Un moment historique, un génie !…
Je l’ai vu s’avancer dans ma direction d’un pas lent et lourd sur la petite voie qui dessert les habitations légères situées en bordure de la plage. Il en revenait et tenait à bout de bras son sempiternel fauteuil en toile d’une couleur indéfinie, rongé par le sel et défoncé par l’inertie d’un corps plein, épais et puissant. Il portait une chemise à manches courtes bleue largement ouverte sur un torse volumineux et gras, qui montrait une bedaine imposante, gonflée et tendue. Elle semblait superbement le précéder. Et grossir au fur et à mesure qu’il progressait.
Arrivé à ma hauteur, il s’est fendu d’un sourire crispé ; il m’a dit que l’eau était bonne et la mer mouvementée ; que la plage était moche : des cailloux et des morceaux de verre la couvrait.
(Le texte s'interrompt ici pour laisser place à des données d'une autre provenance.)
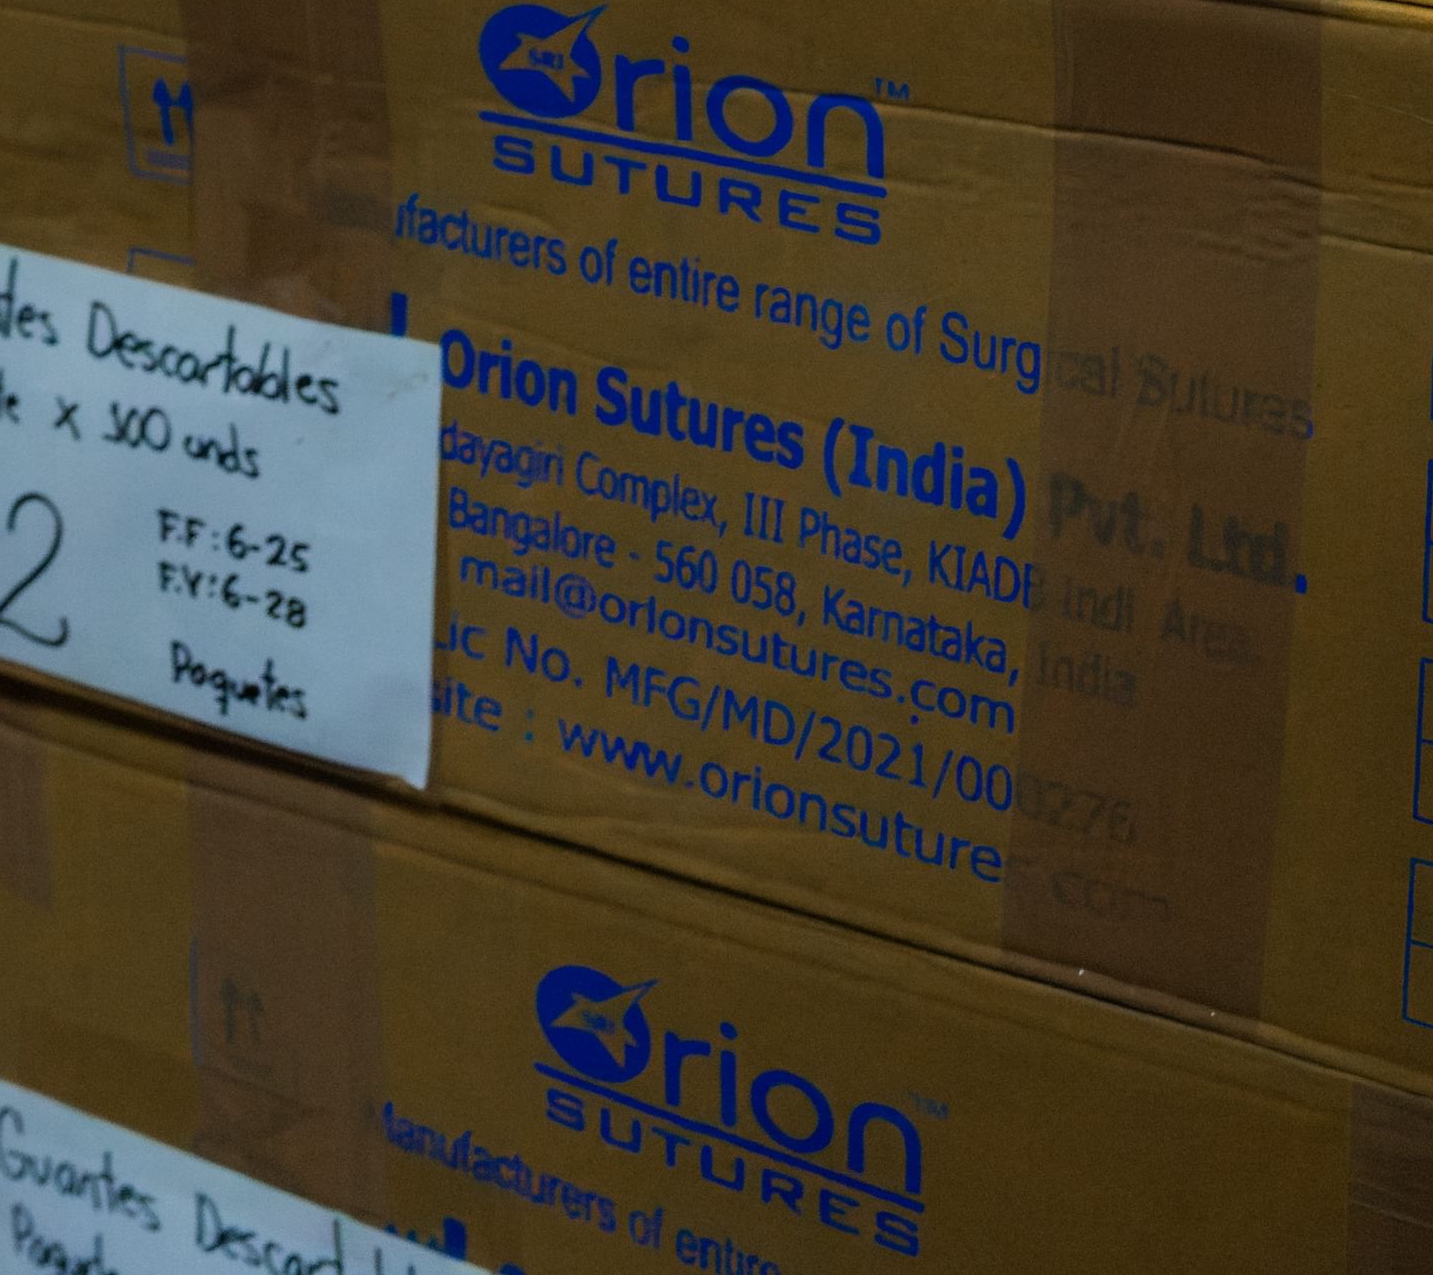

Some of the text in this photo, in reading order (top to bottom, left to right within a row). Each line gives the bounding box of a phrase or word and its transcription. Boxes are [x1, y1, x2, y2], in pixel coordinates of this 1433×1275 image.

Il a ensuite embrayé, sans transition, sur le tournoi de Roland Garros et la finale de cette après-midi. « Un moment historique pour le serbe, à ne pas manquer », me précisa-t-il, tout en continuant pesamment son chemin. Je n’avais pas l’intention de la regarder, mais le ciel, qui s’était alourdi en fin de matinée, a fini par lâcher des trombes d’eau au moment même où Djokovic et Ruud entraient sur le cours central. Coincé dans ma « cabane », je les ai regardés jouer avec d’autant plus de plaisir que ces rafales violentes ravivaient en moi le souvenir de moments d’enfance et de bonheurs passés sous un toit fait de branches et de cartons à écouter en silence la pluie tomber. J’ai encore des odeurs de bois, de terre, de feuilles trempées en mémoire. Je distinguais alors chaque son, chaque intervalle. C’étaient des moments délicieux : en suspension du temps. Je me sentais maître du monde. Djokovic, finalement, a donc gagné. C’est un génie, un moment historique, ai-je entendu à plusieurs reprises. Les commentateurs se déchaînaient. Génie, historique ! Des mots qui qualifient à présent les moindres petits ou « grands » gestes d’un sportif ou d’une star du cinéma, de la radio ou de la télé. Des mots désormais vides de sens, de force et de vigueur créatrices, pensai-je. Génial, ce coup droit ! historique cette victoire ! Je songeai aussi à cette émission dite littéraire, sur la 5, où de petits écrivains, un soir de grande écoute, ont raillé sans retenue, grossièrement, l’indiscutable génie d’un Kafka, notamment. Son génie et sa marque, profonde, laissée dans l’histoire universelle de la littérature. Ce fut donc, assurément, un « joli coup », un « génial » et « historique » moment de télévision. Un moment bien médiocre emblématique d’une époque ricaneuse, vulgaire et violente. Je dois cependant faire ici un aveu : je ne regarde jamais « la Grande librairie. »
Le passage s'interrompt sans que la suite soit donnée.